The first case mentioned in the question can be solved with a very simple method (not iterative, no initial guess) thanks to the piecewise linear regression given page 12 of the paper : https://fr.scribd.com/document/380941024/Regression-par-morceaux-Piecewise-Regression-pdf
The result
$\quad\begin{cases}
y=p_1x+q_1 & x<a_1 \\
y=p_2x+q_2 & x>a_1
\end{cases}\quad$
appears on the next figure :

The second case, so called "Branching Stick regression" is substantially different because the intended function is multi-valuated on a range of $x$.
In fact, this case is a sub-case of the "degenerated conic regression" which is treated page 19 in another paper : https://fr.scribd.com/doc/14819165/Regressions-coniques-quadriques-circulaire-spherique .
The sought multi-valuated function must be of the second order at least, for example a conic section of equation :
$$a_{02}y^2+a_{20}x^2+a_{11}xy+a_{01}y+a_{10}x+1=0 \tag 1$$
A degenerate case is the case of two straight lines $y=p_1x+q_1$ and $y=p_2x+q_2$ , which equation is :
$$(p_1x+q_1-y)(p_2x+q_2-y)=0 \tag 2$$
A linear regression gives approximate values of the coefficients $a_{02},a_{20},a_{11},a_{01},a_{10}$ .
As explained in the referenced paper, the equations $(1)$ and $(2)$ match if there is no scatter on data. In case of scattered data, the result of regression is an hyperbola equation $(1)$, close to the asymptotes equation $(2)$. The formulas to compute $p_1,q_1,p_2,q_2$ are provided in the referenced paper.

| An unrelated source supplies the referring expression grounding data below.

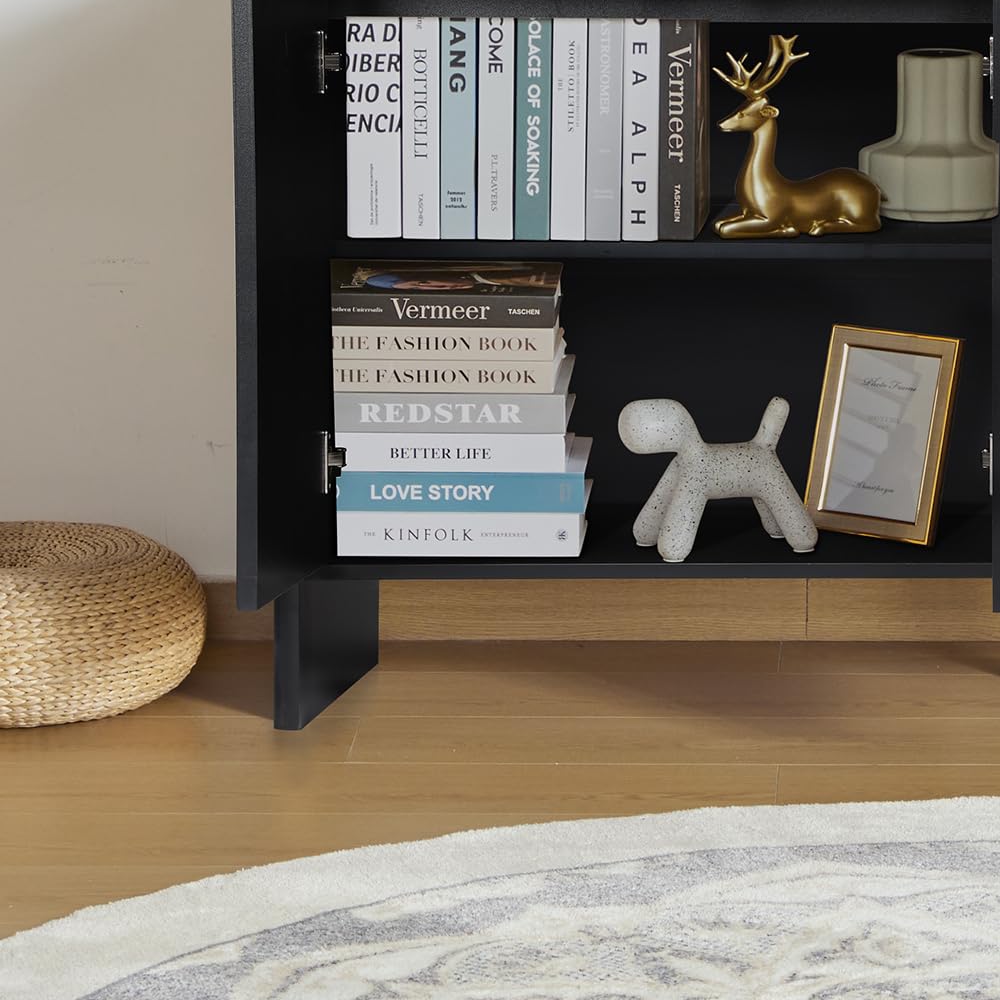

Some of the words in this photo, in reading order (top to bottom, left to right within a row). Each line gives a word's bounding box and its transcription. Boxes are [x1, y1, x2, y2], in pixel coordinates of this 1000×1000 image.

[347, 23, 376, 42] RA
[382, 23, 401, 42] D
[527, 18, 542, 78] OLACE
[413, 48, 427, 159] BOTTICELLI
[527, 84, 541, 109] OF
[667, 44, 692, 163] Vermeer
[526, 115, 540, 196] SOAKING
[631, 121, 647, 225] ALPH
[390, 297, 490, 320] Vermeer
[377, 336, 471, 351] FASHION
[479, 336, 537, 351] BOOK
[376, 368, 471, 383] FASHION
[478, 369, 537, 384] BOOK
[359, 403, 522, 424] REDSTAR
[390, 448, 451, 459] BETTER
[456, 448, 492, 460] LIFE
[370, 484, 423, 500] LOVE
[428, 485, 494, 500] STORY
[384, 528, 474, 541] KINFOLK
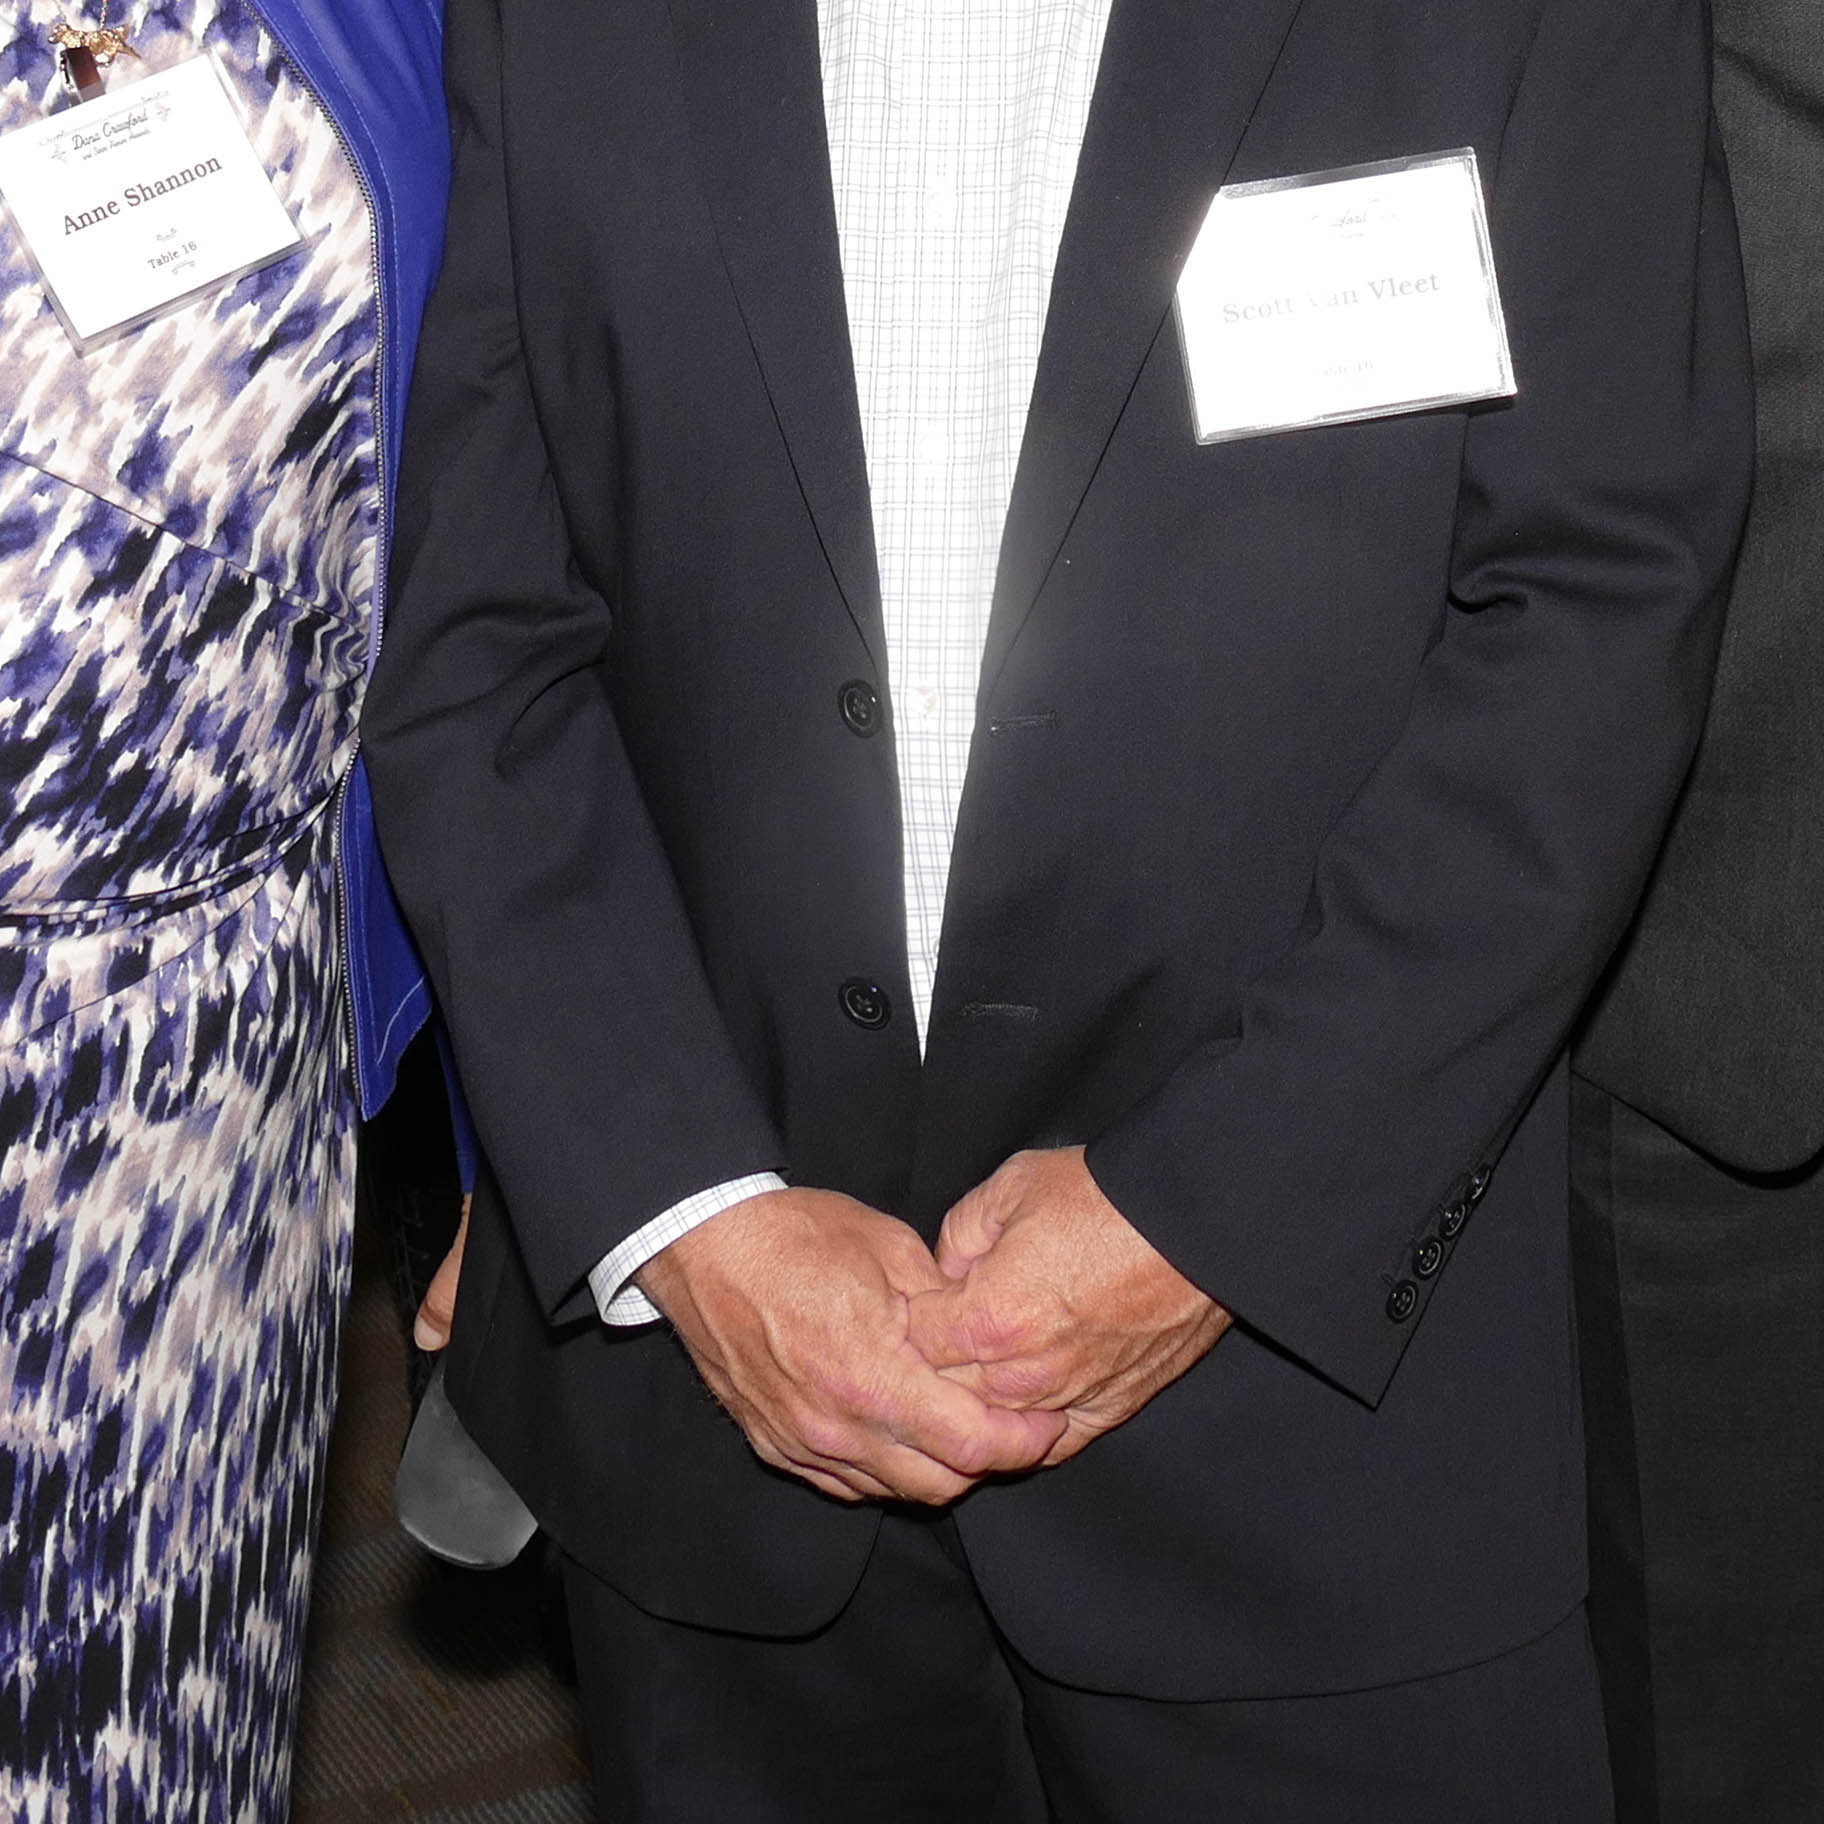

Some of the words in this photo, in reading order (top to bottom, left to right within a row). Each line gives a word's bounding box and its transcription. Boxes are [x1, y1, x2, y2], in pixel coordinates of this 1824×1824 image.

[64, 201, 121, 236] Anne
[124, 157, 223, 208] Shannon
[147, 249, 180, 269] Table
[183, 241, 198, 255] 16
[1223, 296, 1295, 324] Scott
[1368, 273, 1442, 301] Vleet
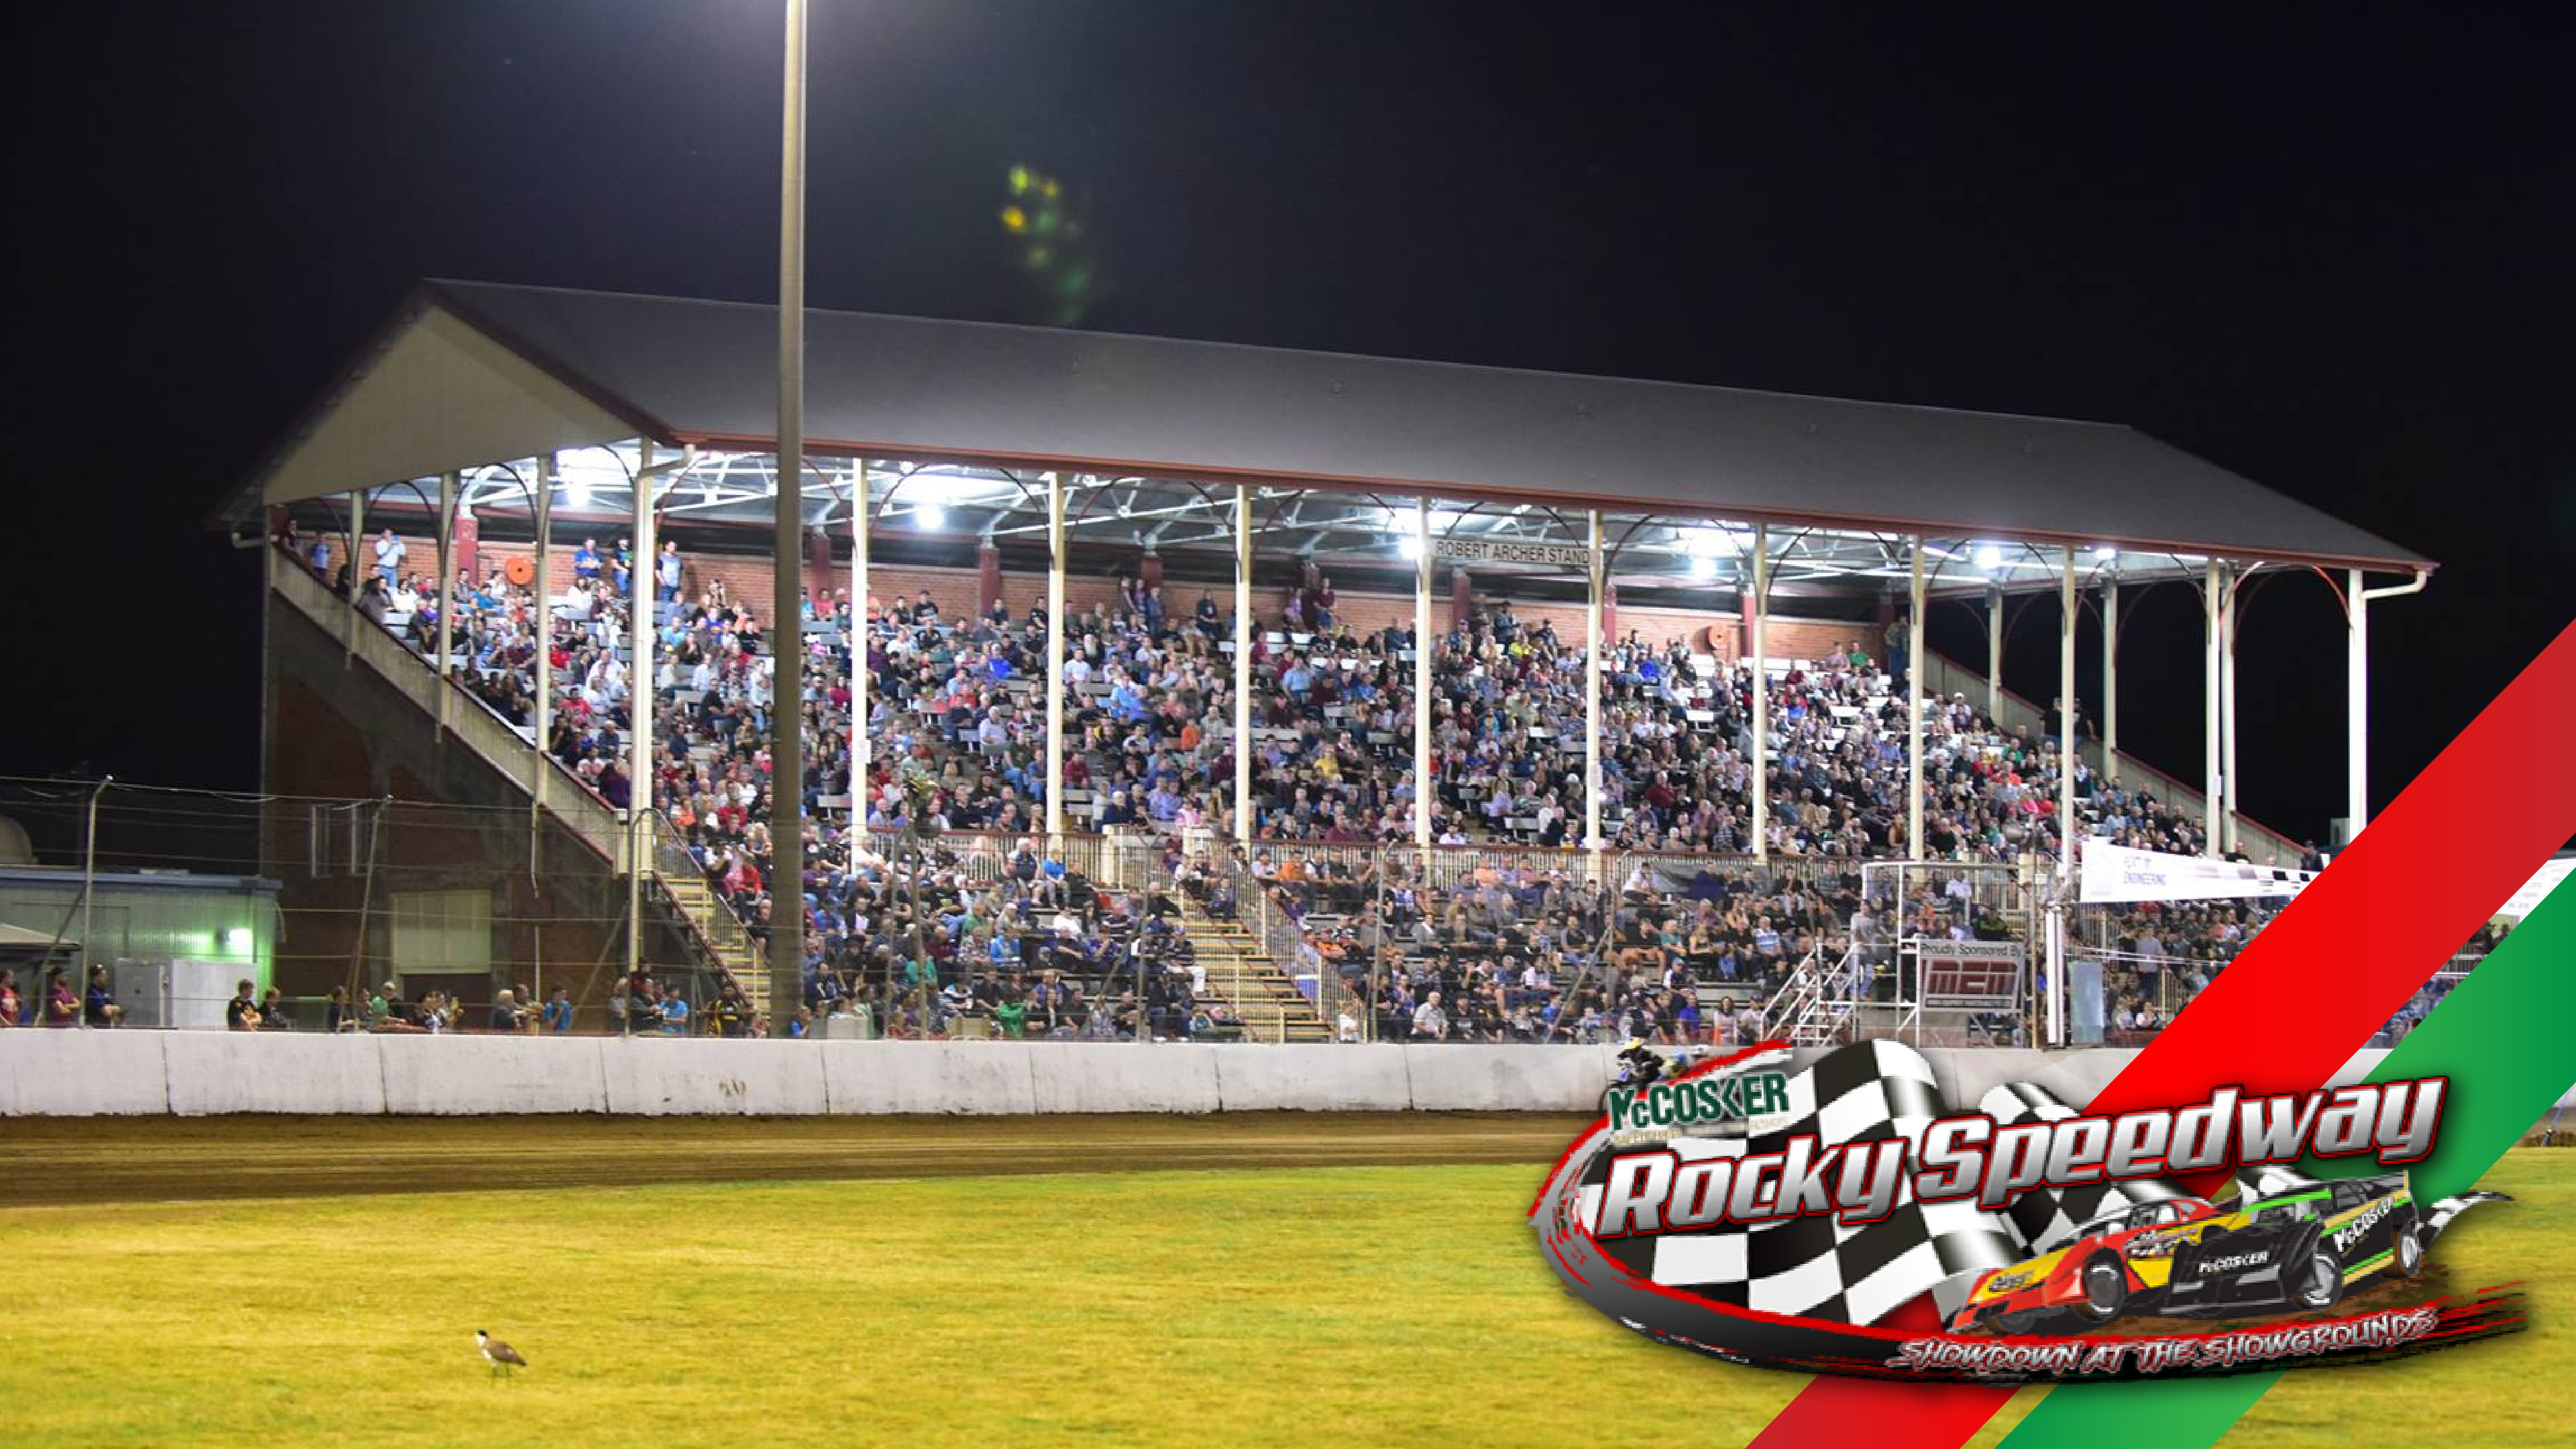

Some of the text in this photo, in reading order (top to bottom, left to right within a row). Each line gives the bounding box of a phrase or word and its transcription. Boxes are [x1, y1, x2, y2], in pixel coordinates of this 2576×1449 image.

A numerical example is shown on the figure below. The hyperbola computed from the regression is drawn in green, the asymptotes in blue. The coordinates of the "Branching point" are $(x_c,y_c)$.
In the referenced paper, it is pointed out that the method of "degenerated conic regression" fails if the scatter of data is too large because the gap between the hyperbola and the asymptotes becomes too large.